5月 17 2016

江戸時代を見習え

江戸時代は支配階級の武士が質素を旨として、権力に富はつながっていなかった。現代の時代劇に登場する悪代官や越後屋はフィクションでしかない。武士が金儲けに奔走したことなどないのだ。物質的豊かさは決して人間の幸福感には繋がらない。なぜなら際限がないからだ。武士階級は精神的な豊かさを追求していた。支配階級だけではない。庶民にも豊かさに対する欲望より粋や伝統や人情を重んじていた。金持ちが尊敬されたり妬まれたりすることなど決してなかったのだ。

西洋の価値観は物質面に偏りすぎている。物質的進化は人間性の退化を生んできた。車は運動不足を生み、飽食は肥満を生み不健康を招く。

人間にとっての幸福感は生き甲斐や使命感の達成にある。人間はたかだか数十年しか生きられない。その間にどんなに美味なものを食おうと、どんなに楽をしようと、どんなに着飾ろうと、人の役には立たない。

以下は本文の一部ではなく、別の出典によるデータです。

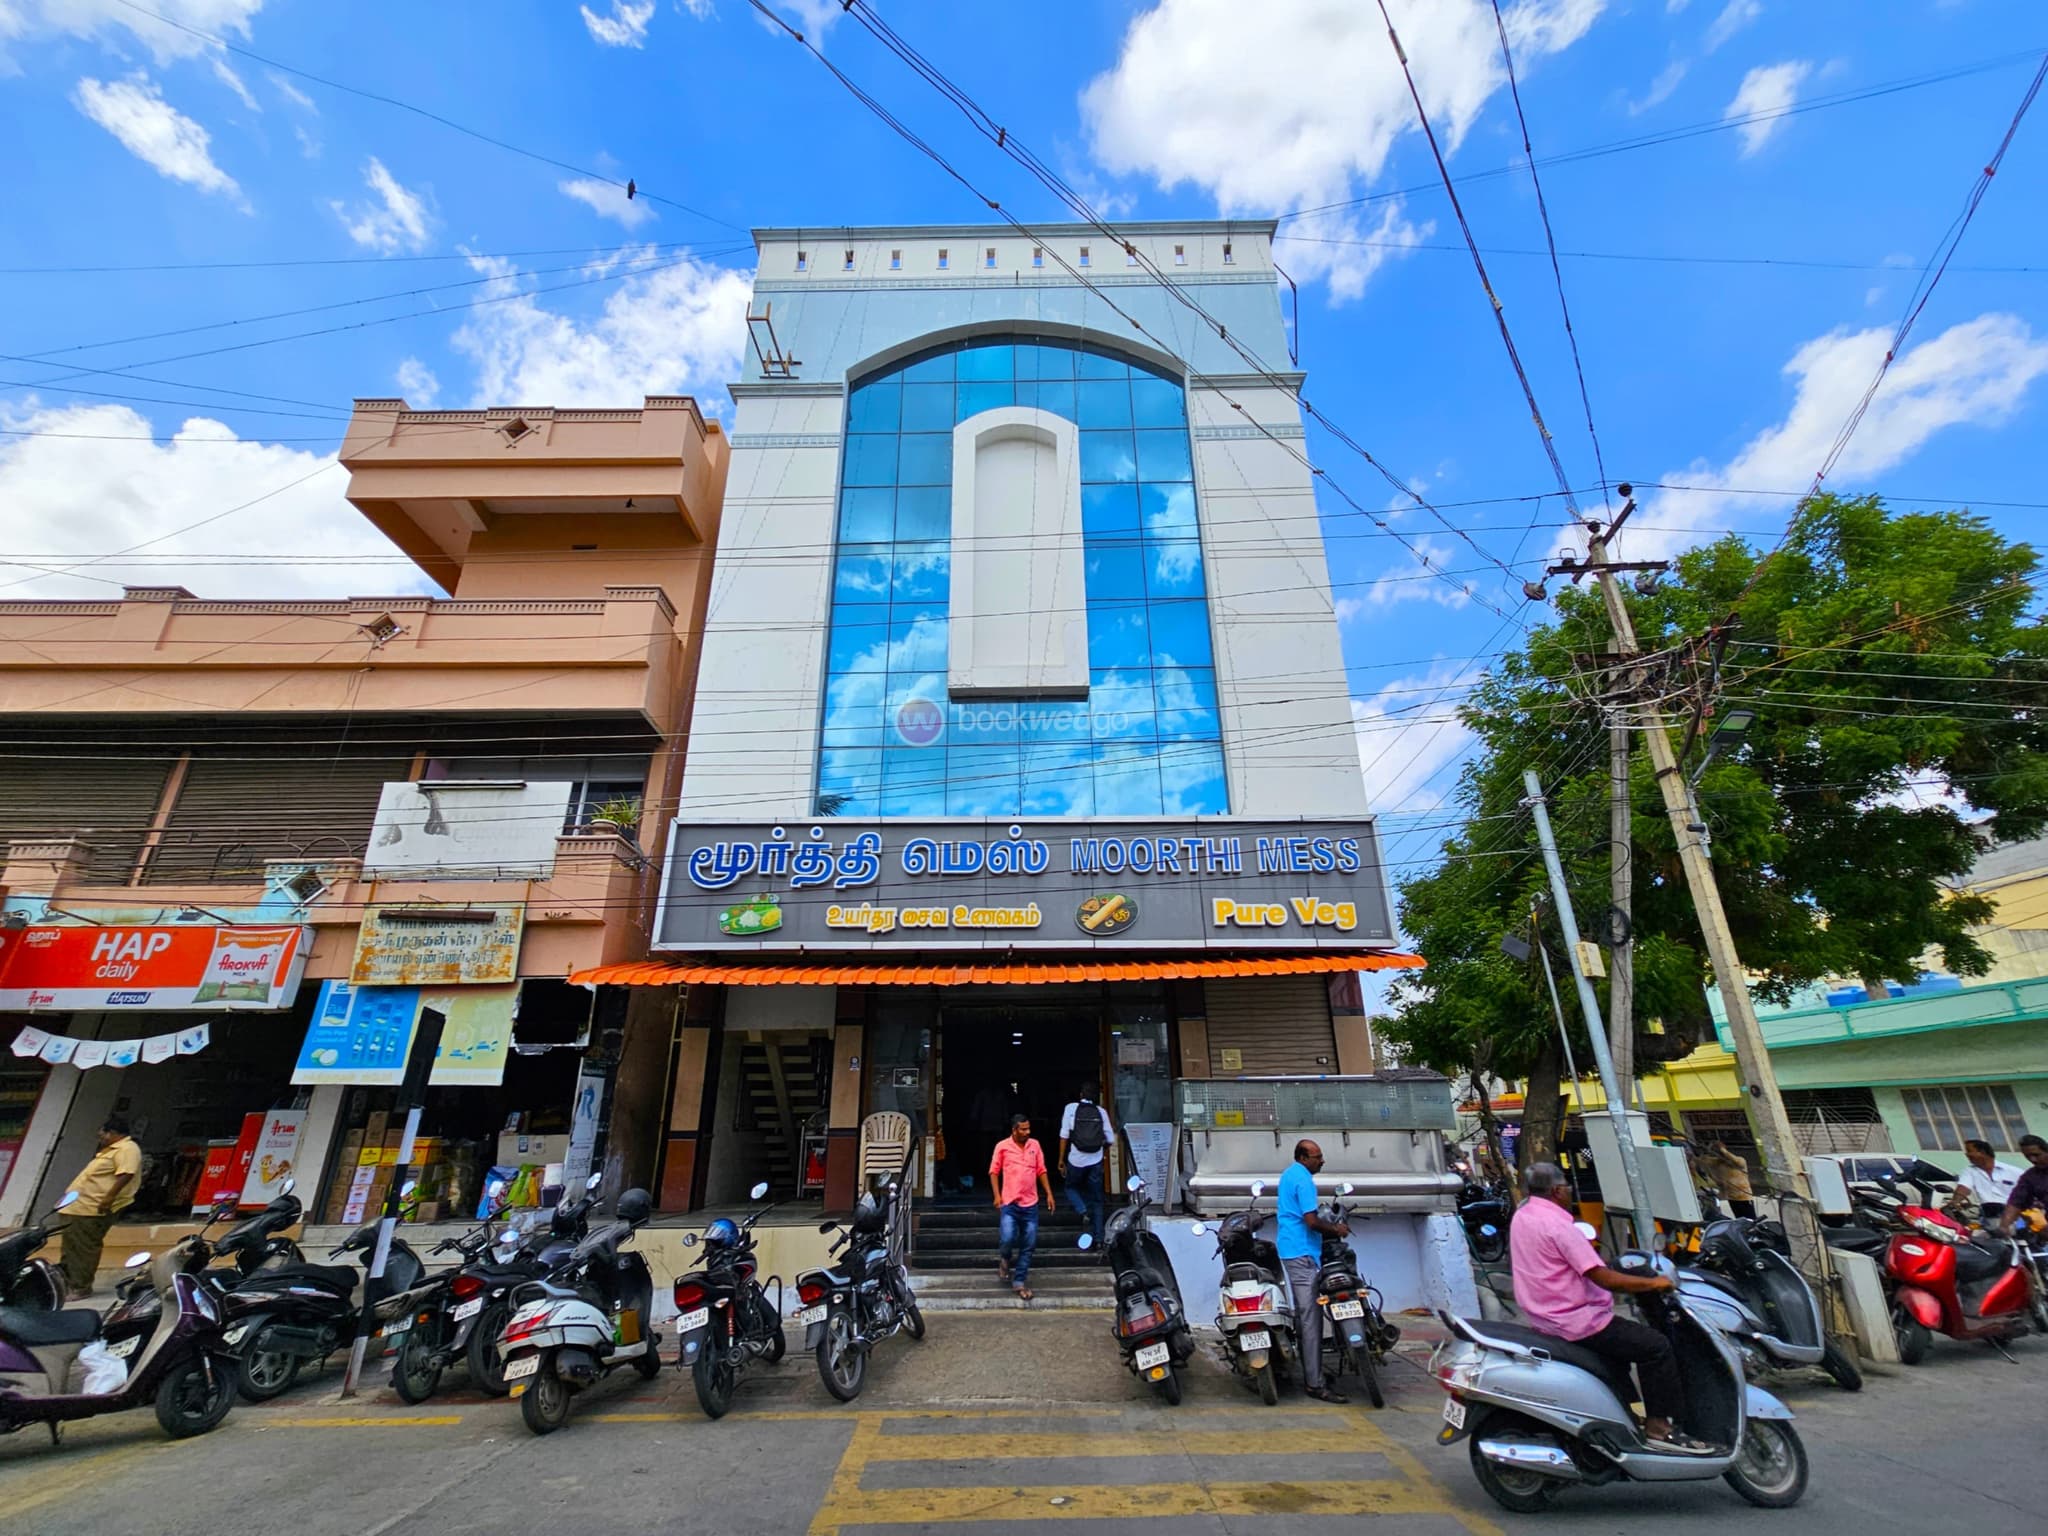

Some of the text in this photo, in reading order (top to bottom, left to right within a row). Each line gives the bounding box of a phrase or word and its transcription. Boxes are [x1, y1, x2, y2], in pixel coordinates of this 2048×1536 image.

[688, 824, 1049, 890] மூர்த்தி மெஸ்
[1070, 837, 1361, 875] MOORTHI MESS
[825, 902, 1042, 934] உயர்தர சைவ உணவகம்
[1212, 896, 1358, 931] Pure Veg
[90, 932, 172, 961] HAP
[96, 961, 140, 981] daily
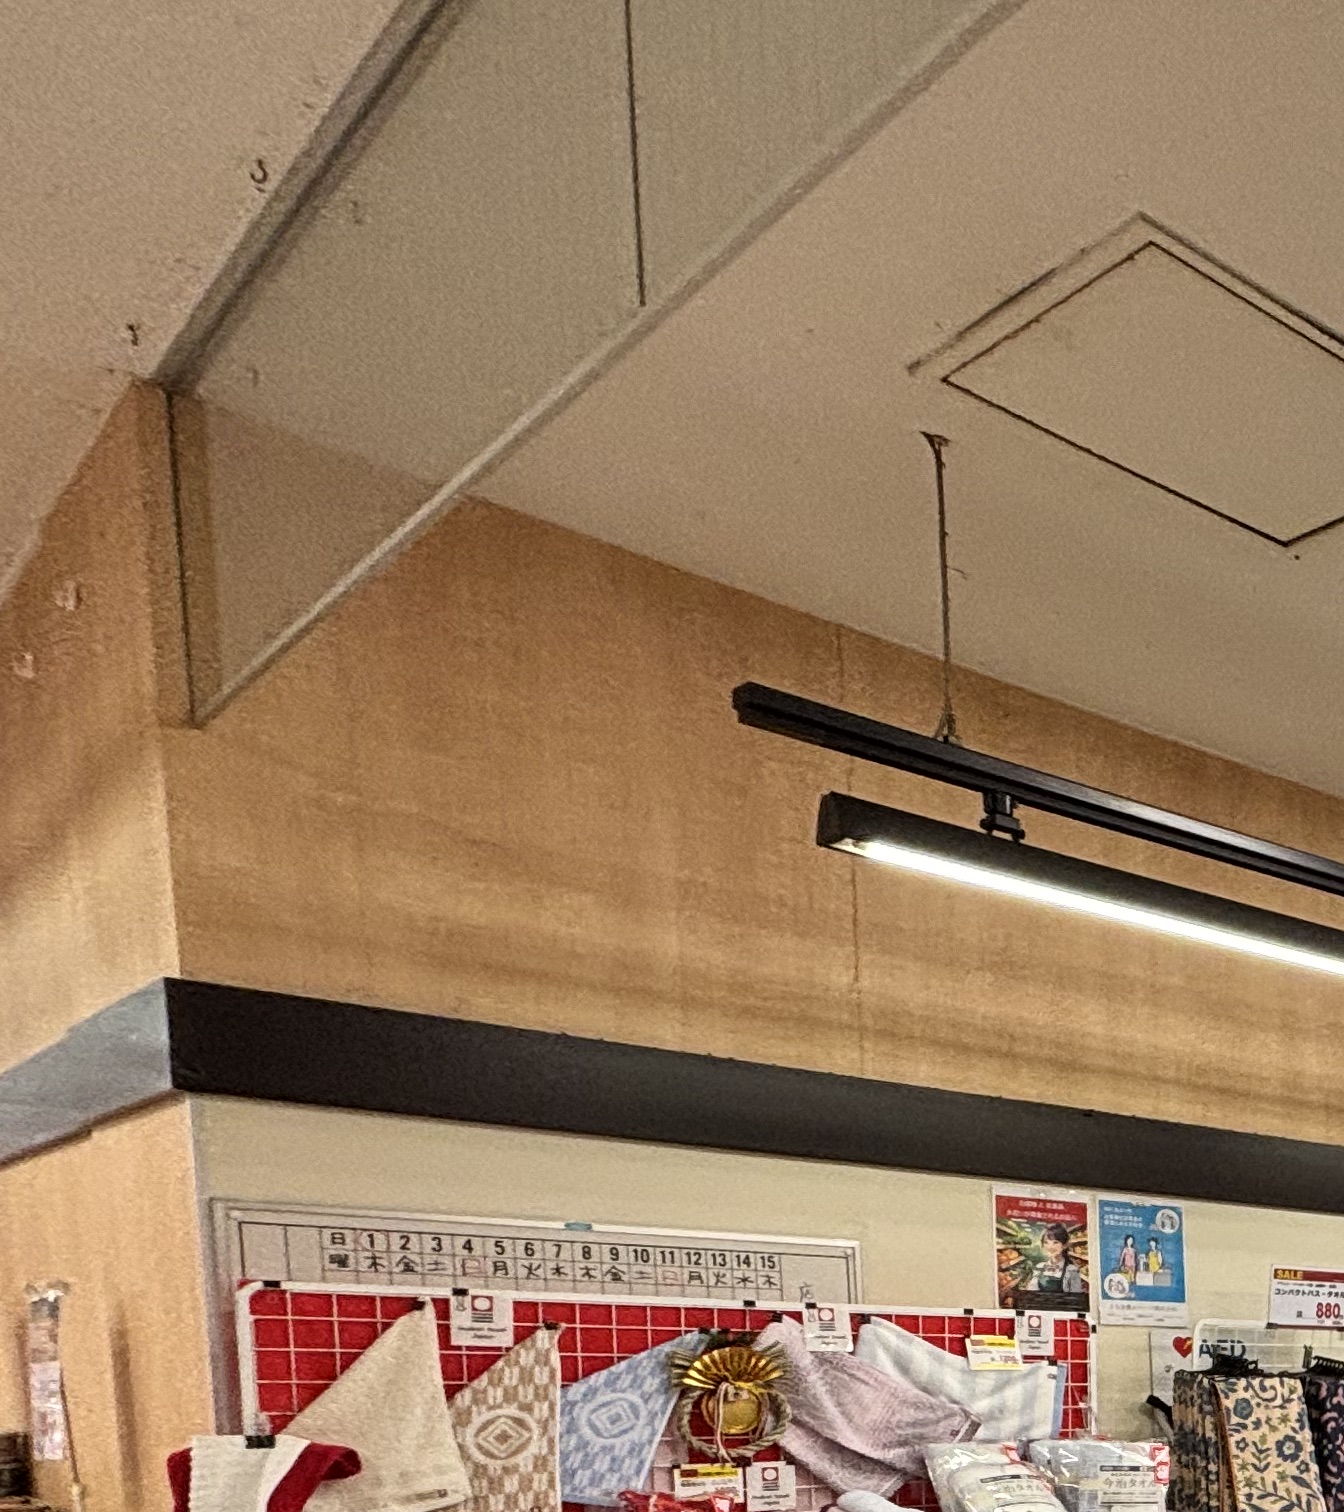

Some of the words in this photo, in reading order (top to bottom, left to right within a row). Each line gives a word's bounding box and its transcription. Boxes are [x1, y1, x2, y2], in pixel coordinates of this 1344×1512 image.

[331, 1233, 346, 1245] 日
[367, 1234, 374, 1248] 1
[400, 1236, 410, 1250] 2
[432, 1237, 442, 1251] 3
[462, 1239, 473, 1253] 4
[494, 1241, 505, 1255] 5
[524, 1243, 535, 1257] 6
[552, 1244, 561, 1258] 7
[582, 1246, 591, 1260] 8
[610, 1247, 619, 1261] 9
[633, 1249, 650, 1263] 10
[660, 1250, 675, 1264] 11
[686, 1252, 701, 1266] 12
[712, 1253, 727, 1267] 13
[736, 1254, 750, 1268] 14
[761, 1255, 776, 1269] 15
[365, 1254, 385, 1272] 木
[396, 1255, 418, 1272] 金
[493, 1261, 508, 1276] 月
[521, 1263, 541, 1278] 火
[579, 1266, 597, 1280] 木
[605, 1266, 625, 1281] 金
[688, 1271, 704, 1283] 月
[713, 1272, 727, 1285] 火
[762, 1275, 778, 1288] 木
[1276, 1270, 1304, 1280] SALE
[1316, 1302, 1341, 1319] 880
[1200, 1339, 1247, 1358] AED
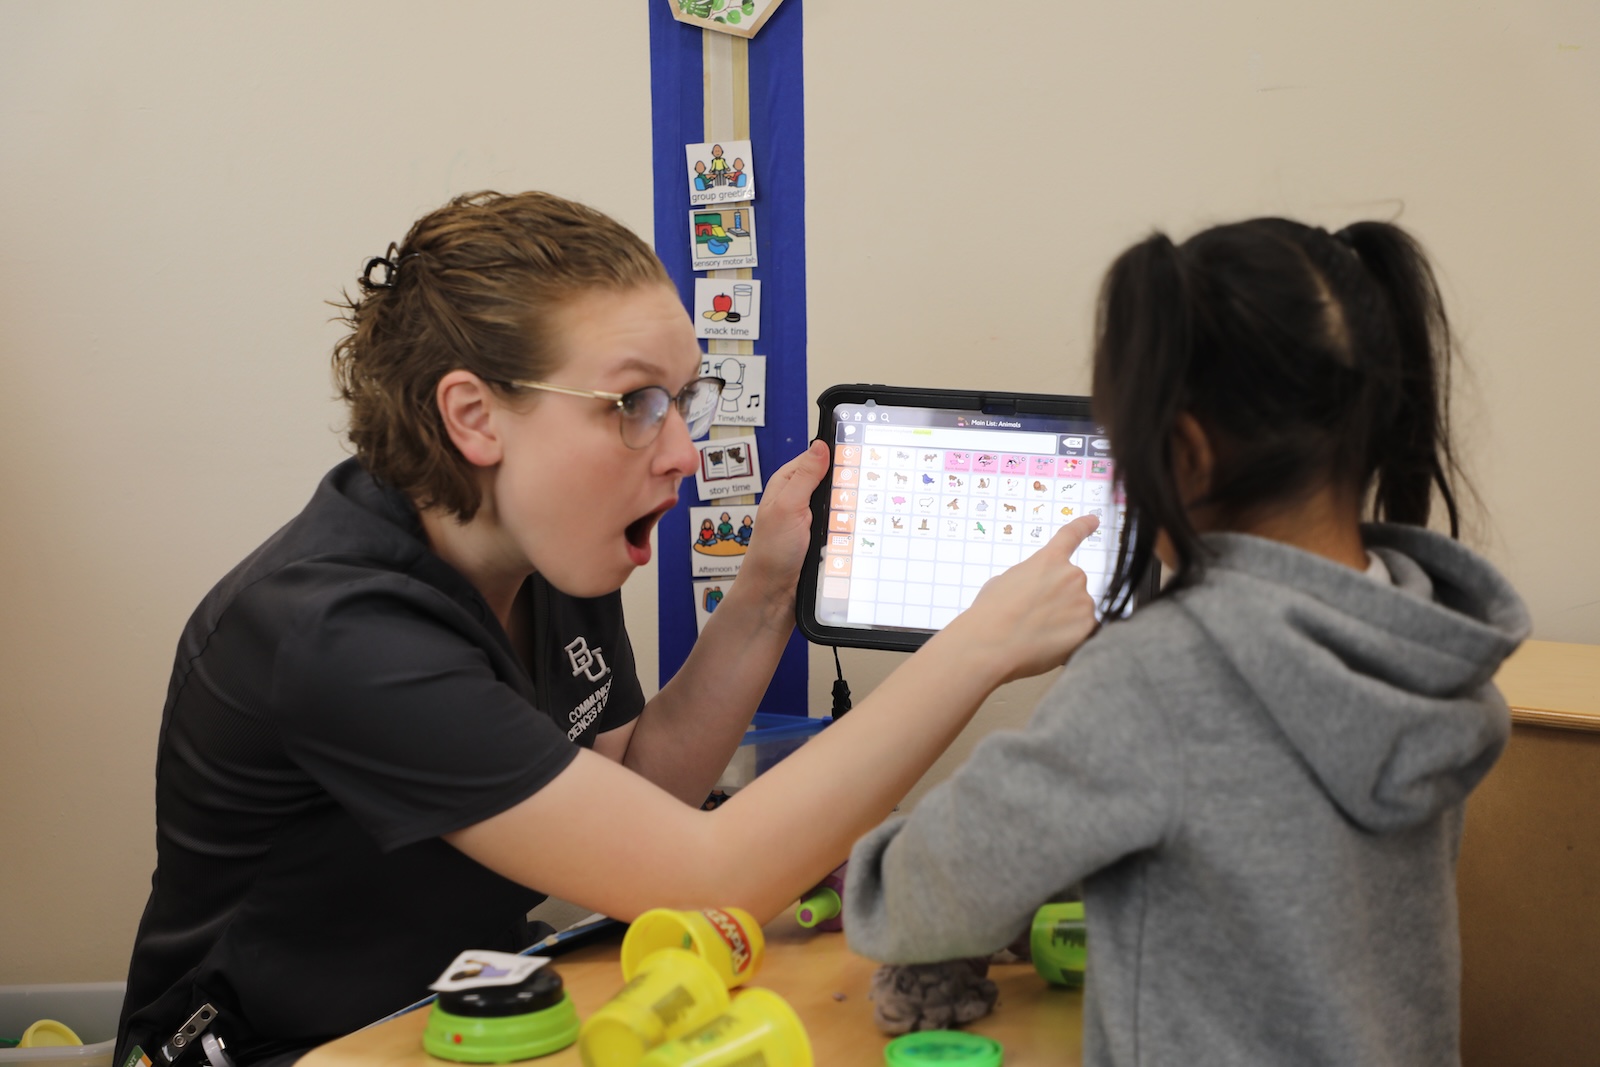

人間は諸動物と違ってただ生きていることだけが目的で生まれたわけではない。人間だけが生まれてきた目的、すなわち生き甲斐を自分で見出せる存在だ。人それぞれ目的は違っているかもしれない。ただ食うために生きている者もいるだろう。着飾るために生きている者もいていい。だが全ての人間が食うためや着飾るために生きていては人間の真の進化はない。

西洋人は、精神文化は物質的豊かさに裏付けされて初めてなるものだと考えてきた。だから文化は貴族が作ってきたのだ。しかし日本だけは違っていた。武家が支配者階級になってからは文化は庶民からも生まれている。それが可能だったのは日本という国が2000年もの間、同じ文化文明を維持してきたからなのである。

西洋の文化文明は数百年単位で変わってきた。故に豊かさは物質的なものに偏ったのだ。なぜなら支配者が変わるたびに以前の文化文明は破壊されてきたからだ。一から作り出すためには物質的な豊かさがまず必要だった。だから富は権力者に偏った。それが権力者と被支配者との対立を生んだ。革命思想はそこから生まれてきた。

しかし日本には支配者と被支配者という対立は無いに等しい。貴族が支配階級だった時代は西洋と同じだが、武家が支配者になった時代からは支配者に富が偏ることがなかった。だから革命思想など生まれなかったのである。

江戸時代以前が暗黒の時代だったなどと共産主義者がする歴史解釈は捏造以外の何物でもない。時代劇の作り方も現代の価値観で作っているから権力者が金儲けに走るのは当然のように描くが、江戸時代の武家は儒教の影響で金銭を穢れた物として忌み嫌っていたのだ。給料を米で払っていたのもその表れだ。貧しくなると商家から借金をしていた。商家は税金を取られなかったので裕福だったのだ。支配者階級が庶民から借金をしていた国など日本以外にはない。

支配者階級が質素を美徳としていたため庶民に不満はなかった。これが支配階級の資質というものなのだ。だから300年間も平和が続いたのだ。

現代の日本文化のほとんどは江戸時代に完成しているものばかりである。伝統を重んじ、粋を追求し、世界の芸術家や好事家を魅了する美を残している。技術も世界的なものを残してきた。ほとんどが庶民から生まれたものだ。

労働を疎まず勤勉に働く日本人は江戸時代に形成されてきた。日本は昔から労働者の国なのだ。今もほとんどの人々がサラリーマンではないか。西洋のキリスト教的原罪思想では勤勉さなど生まれない。日本人は仕事が生き甲斐だ。休みなど時々でいい。日本は世界に誇れる格差のない社会を形成しているのだ。今更労働者革命など何の必要があろうか。欲望のみを追求する西洋の価値観など日本人には無用である。